Thunder Schmidt orthonormalization (differently) using Rcpp

I am trying to get a matrix consisting of ordinary normalized orthogonal vectors based on an m-on-n-matrix, where m <n using Rcpp inside R. Unfortunately, I could not figure out how to use the qr method implemented in R to do this is.

My attempt closely follows the standard Gram-Schmidt orthonormalization algorithm, which was discussed here. However, the approach presented in this thread using Rcpp and Armadillo no longer works.
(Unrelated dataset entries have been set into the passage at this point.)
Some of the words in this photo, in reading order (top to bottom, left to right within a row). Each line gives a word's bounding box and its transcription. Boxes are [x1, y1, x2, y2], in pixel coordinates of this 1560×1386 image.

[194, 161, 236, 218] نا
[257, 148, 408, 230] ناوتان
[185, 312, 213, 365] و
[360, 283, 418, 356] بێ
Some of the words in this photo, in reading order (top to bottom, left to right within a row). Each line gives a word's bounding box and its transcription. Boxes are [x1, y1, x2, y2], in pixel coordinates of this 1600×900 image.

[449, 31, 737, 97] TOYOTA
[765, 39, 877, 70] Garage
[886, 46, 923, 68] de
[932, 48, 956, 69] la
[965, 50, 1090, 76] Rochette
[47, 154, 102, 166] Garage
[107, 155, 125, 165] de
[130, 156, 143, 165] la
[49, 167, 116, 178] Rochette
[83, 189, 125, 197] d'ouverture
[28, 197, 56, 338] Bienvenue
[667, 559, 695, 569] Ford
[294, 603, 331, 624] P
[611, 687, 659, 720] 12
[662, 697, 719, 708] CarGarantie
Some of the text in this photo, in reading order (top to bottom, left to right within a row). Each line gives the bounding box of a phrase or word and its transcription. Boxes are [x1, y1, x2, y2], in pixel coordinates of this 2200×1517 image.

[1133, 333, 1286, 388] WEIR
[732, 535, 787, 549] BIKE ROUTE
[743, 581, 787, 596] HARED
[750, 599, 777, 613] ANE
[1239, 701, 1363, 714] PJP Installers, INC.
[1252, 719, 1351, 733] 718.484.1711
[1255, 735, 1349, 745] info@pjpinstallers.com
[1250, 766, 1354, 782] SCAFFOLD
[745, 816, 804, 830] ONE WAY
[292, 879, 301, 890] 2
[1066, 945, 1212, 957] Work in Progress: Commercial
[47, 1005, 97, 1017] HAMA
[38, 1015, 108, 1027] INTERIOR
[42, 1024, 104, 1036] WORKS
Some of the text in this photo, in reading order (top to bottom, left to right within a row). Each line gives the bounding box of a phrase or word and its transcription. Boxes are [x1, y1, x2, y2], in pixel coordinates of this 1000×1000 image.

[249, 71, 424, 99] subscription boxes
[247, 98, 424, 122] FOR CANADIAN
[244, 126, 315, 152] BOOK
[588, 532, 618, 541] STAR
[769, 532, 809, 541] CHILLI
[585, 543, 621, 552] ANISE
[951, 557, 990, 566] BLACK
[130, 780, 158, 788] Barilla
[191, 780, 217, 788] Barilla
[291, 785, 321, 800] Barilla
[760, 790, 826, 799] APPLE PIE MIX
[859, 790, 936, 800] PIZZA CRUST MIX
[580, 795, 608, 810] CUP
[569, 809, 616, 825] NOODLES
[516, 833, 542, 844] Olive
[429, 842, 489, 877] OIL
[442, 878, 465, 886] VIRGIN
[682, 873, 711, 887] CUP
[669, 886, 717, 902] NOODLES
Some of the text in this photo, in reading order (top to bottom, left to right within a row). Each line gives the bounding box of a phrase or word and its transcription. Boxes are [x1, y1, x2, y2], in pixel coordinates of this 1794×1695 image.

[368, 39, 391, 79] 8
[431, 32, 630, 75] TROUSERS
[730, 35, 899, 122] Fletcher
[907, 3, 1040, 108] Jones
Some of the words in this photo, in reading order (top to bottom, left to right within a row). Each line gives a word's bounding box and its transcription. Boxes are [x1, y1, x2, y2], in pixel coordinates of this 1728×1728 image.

Matlab's implementation of the problem is provided by Gary Kuop in his collection of computer codes :

function [Q] = grams(A) [m,~] = size(A); Q=0*A; % compute QR using Gram-Schmidt for j = 1:m v = A(j,:); for i=1:j-1 v = v - Q(i,:)*A(j,:)'*Q(i,:); end Q(j,:) = v/norm(v); end 

My current Rcpp code is as follows:

 #include <RcppArmadillo.h> // [[Rcpp::depends(RcppArmadillo)]] using namespace Rcpp; // [[Rcpp::export]] SEXP gramscpp(arma::mat A){ int m = A.n_rows; int n = A.n_cols; arma::mat Q(m,n); Q.fill(0); Q.row(0) = A.row(0)/arma::norm(A.row(0),2); for(int j = 1; j < m; j++){ arma::rowvec v = A.row(j); for(int i = 0; i < (j-1); i++){ v = v - (Q.row(i) * A.row(j).t()) * Q.row(i); } Q.row(j) = v/arma::norm(v,2); } return Rcpp::wrap(Q); } 

When modeling a random m-by-n matrix and applying an algorithm of errors, no errors arise. However, the resulting matrix, multiplied by its transposition, does not give a unit matrix, and I can not identify the error.